China Daily reported in April 2019 that the hydro structural construction would be complete by the middle of 2019, with the construction of municipal facilities being completed by July 2020.

The Road Development Authority had sent approval for the new road network and piling work had begun for the nine bridged by January 2019.

== Investments ==
By December 2020, Sri Lankan conglomerate LOLC Holdings leased out five land parcels amounting to $200 million and signed an agreement with China Harbour Engineering for a mixed development project, with the investment value totaling $1 billion.

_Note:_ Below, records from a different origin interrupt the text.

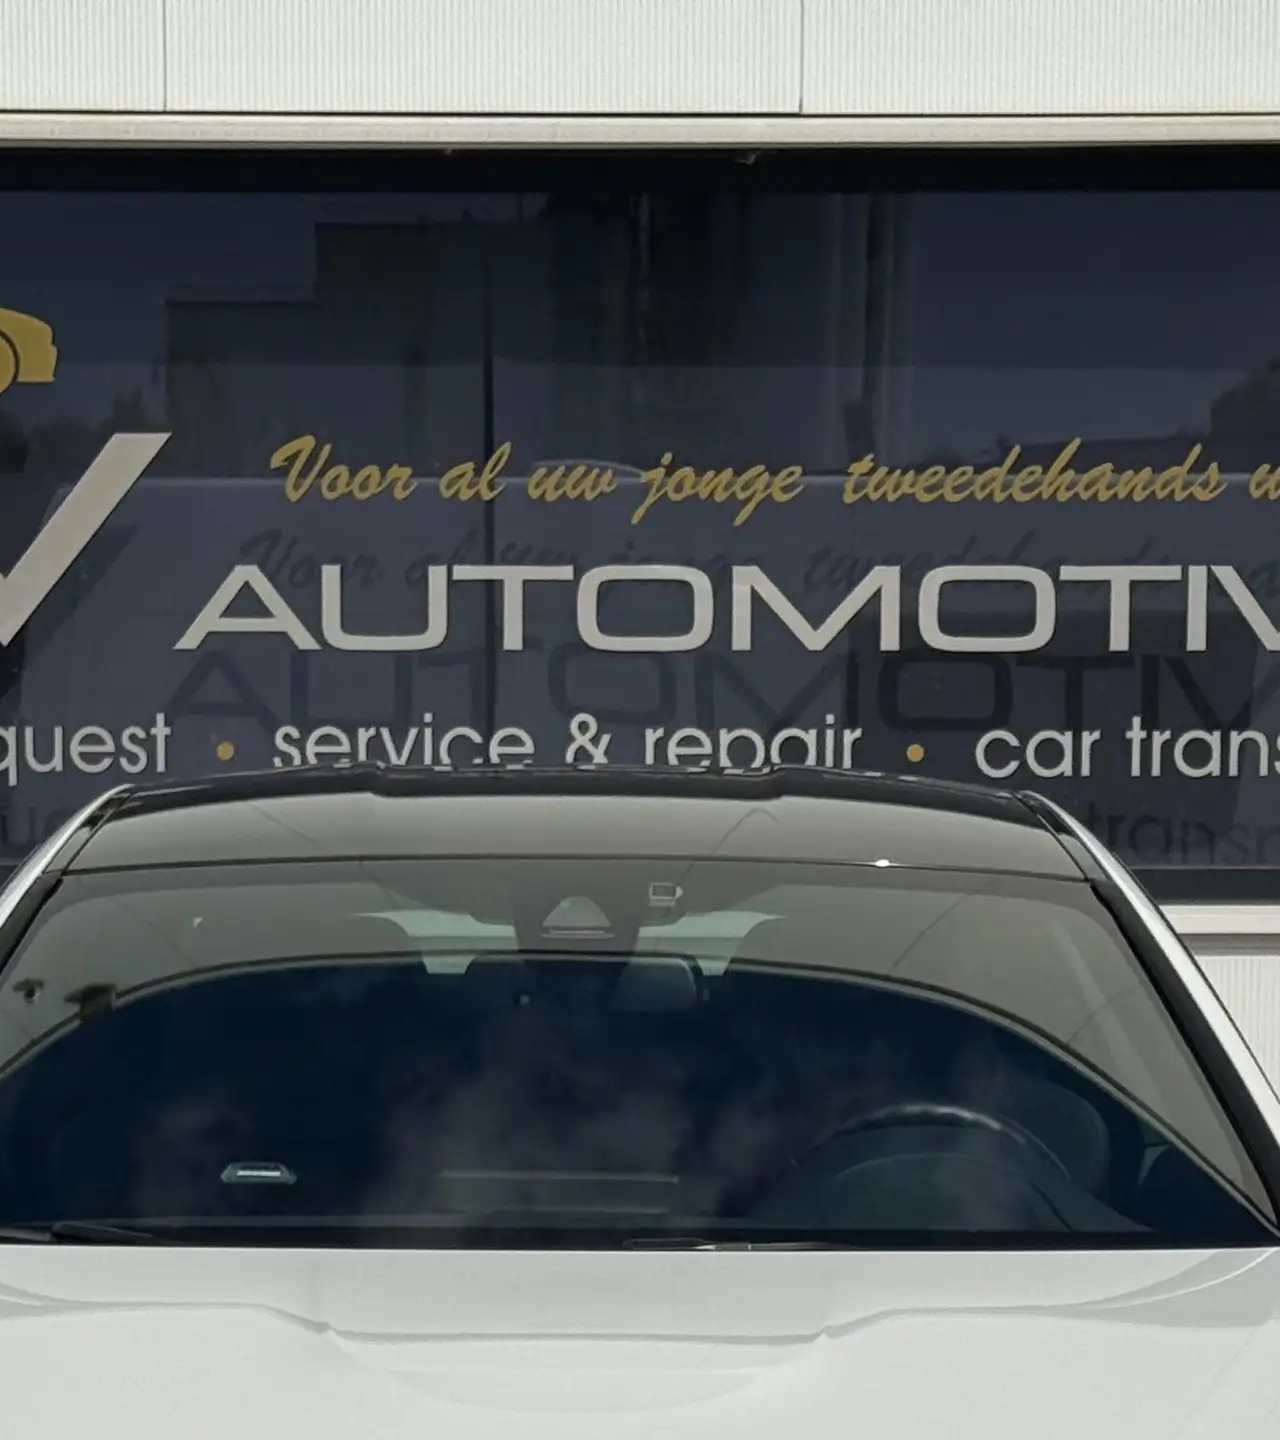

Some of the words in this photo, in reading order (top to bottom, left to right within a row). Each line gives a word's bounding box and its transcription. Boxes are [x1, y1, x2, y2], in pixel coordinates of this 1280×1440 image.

[270, 434, 417, 502] Voor
[439, 442, 513, 502] al
[526, 465, 618, 501] uw
[630, 451, 803, 526] jonge
[842, 438, 1228, 504] tweedehands
[273, 712, 536, 767] service
[565, 712, 612, 766] &
[645, 712, 863, 770] repair
[975, 729, 1101, 778] car
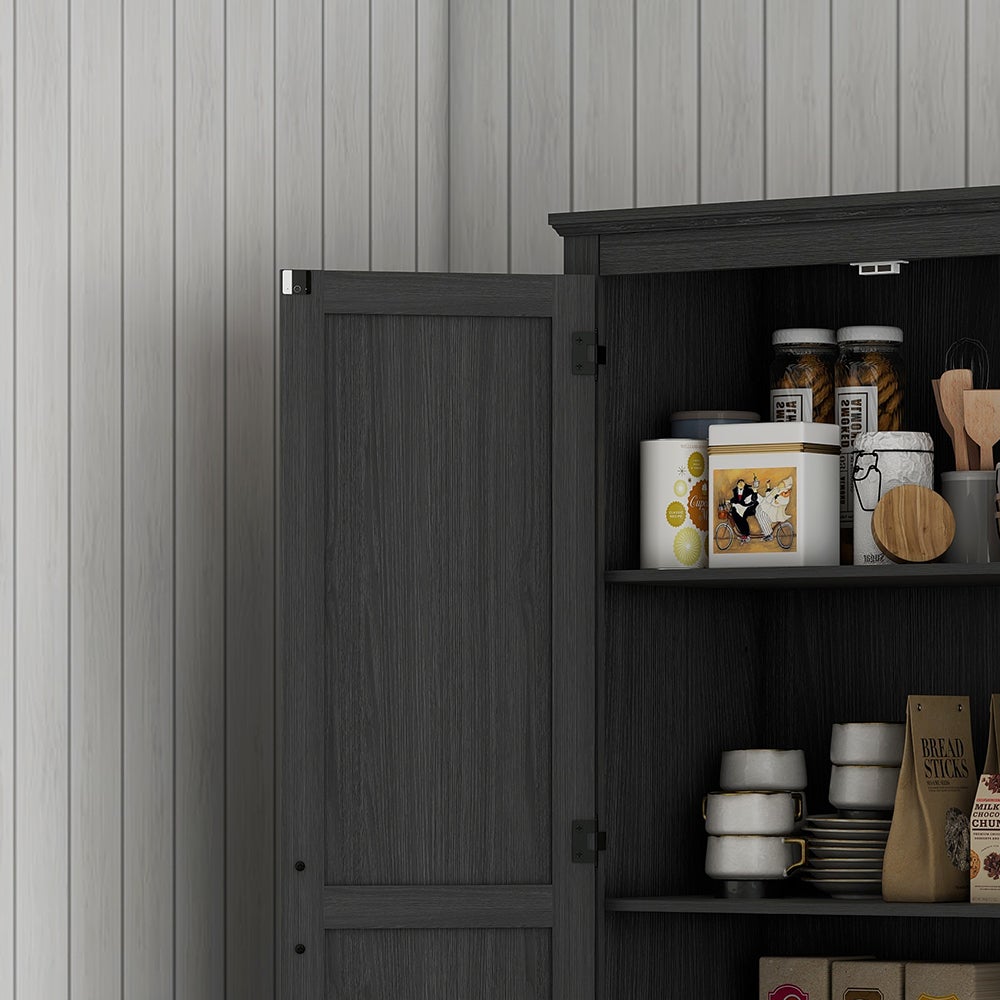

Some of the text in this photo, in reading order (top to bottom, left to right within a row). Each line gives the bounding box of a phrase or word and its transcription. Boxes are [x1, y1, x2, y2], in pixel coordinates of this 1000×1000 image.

[921, 737, 964, 758] BREAD
[924, 758, 969, 778] STICKS
[974, 803, 1000, 811] MILK
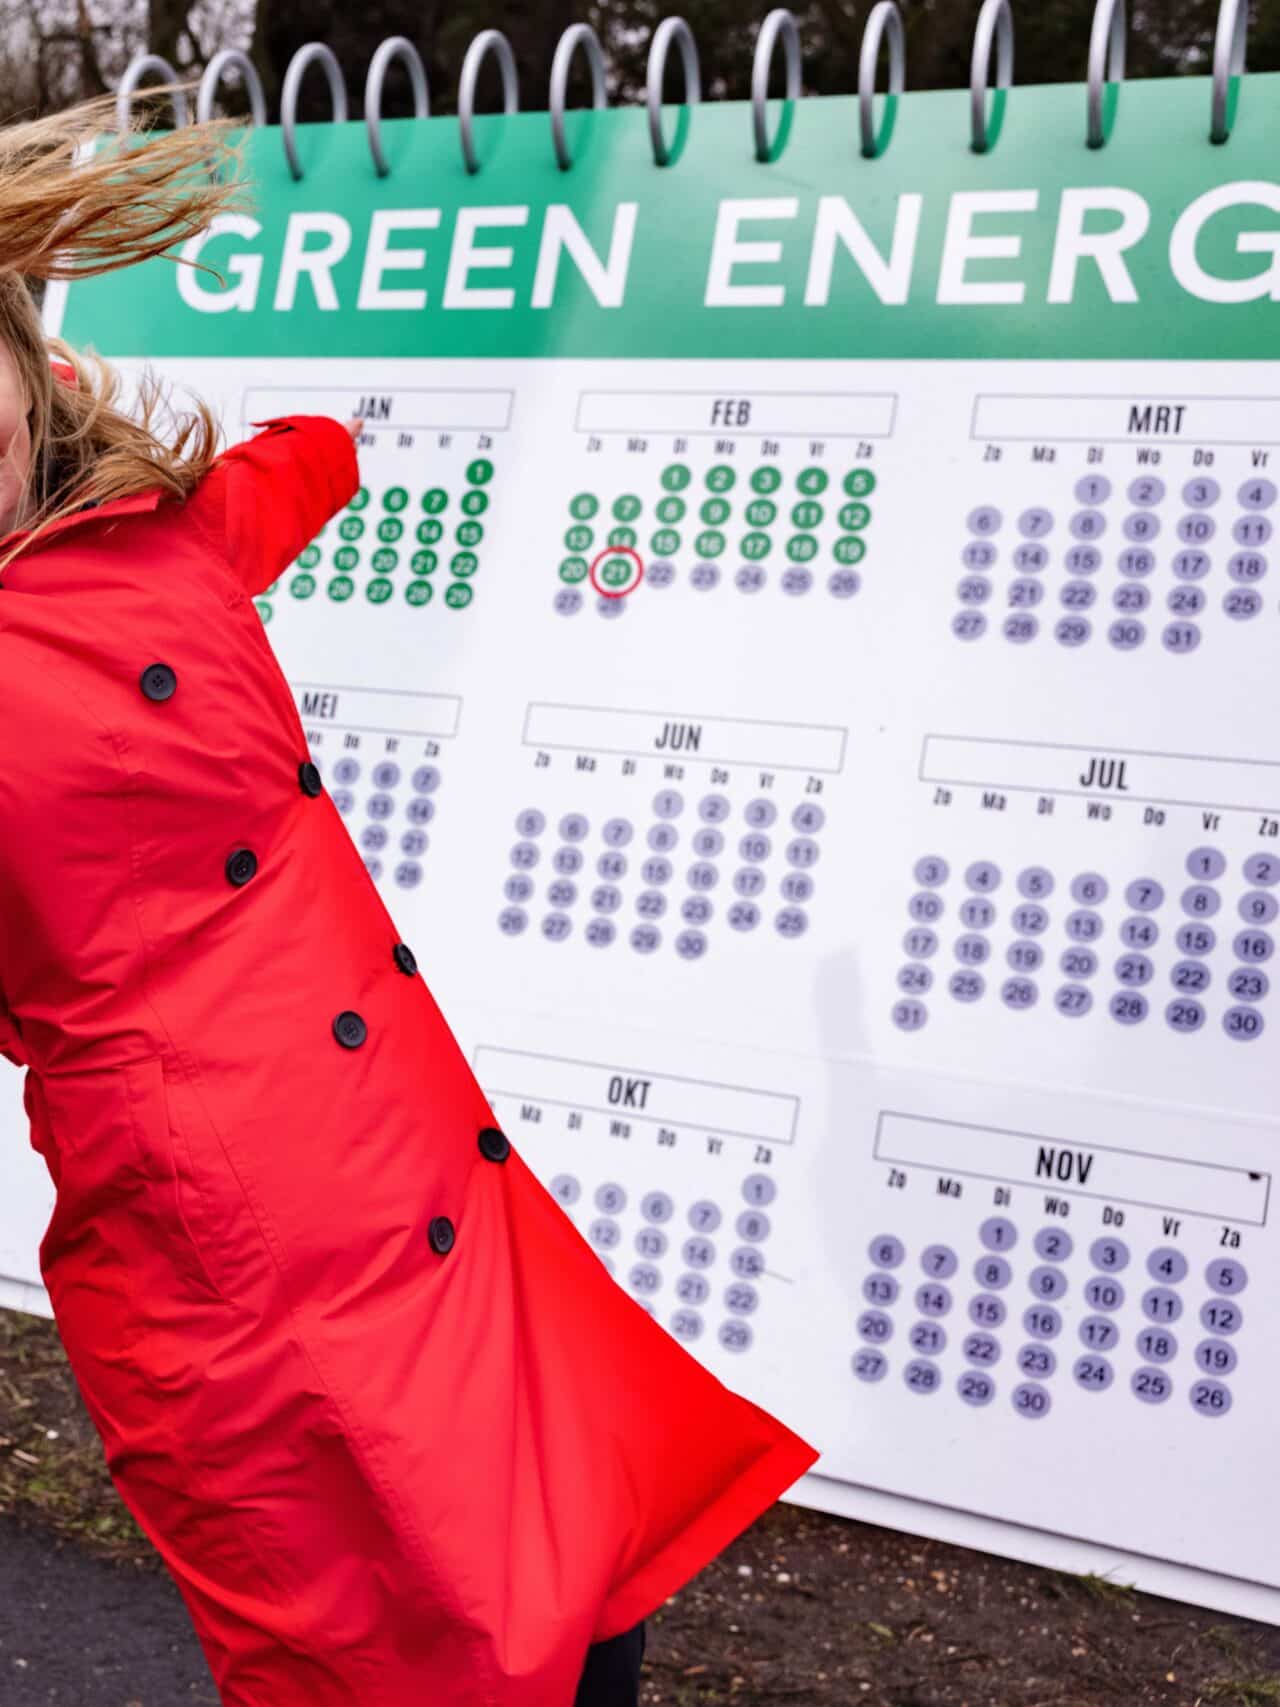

The project includes residential, commercial and retail assets set to break ground in mid-2021. This is the first major investment in Port City Colombo.

==FinTech hub==

Fintech Association of Sri Lanka (FASL) has launched an initiative to draft a report titled, Enhancing Colombo International Financial City (Port City Colombo) as a Leading Fintech Hub in South Asia to submit to the President of Sri Lanka; the initiative is being assisted by a number of fintech experts globally and Professor Douglas Arner, Kerry Holdings Professor in Law at the University of Hong Kong (HKU) as the chief consultant.

==Sustainability==
Before land was reclaimed for the development of Port City Colombo, Environmental Impact Assessments (EIAs) were conducted to ensure that the construction of the Special Economic Zone followed sustainable practices.

The layout and development of the city's infrastructure are designed to support sustainability, and the Port City Colombo Master Plan includes several green spaces across the site. Development Control Regulations (DCRs) also incentivise developers who meet green building standards.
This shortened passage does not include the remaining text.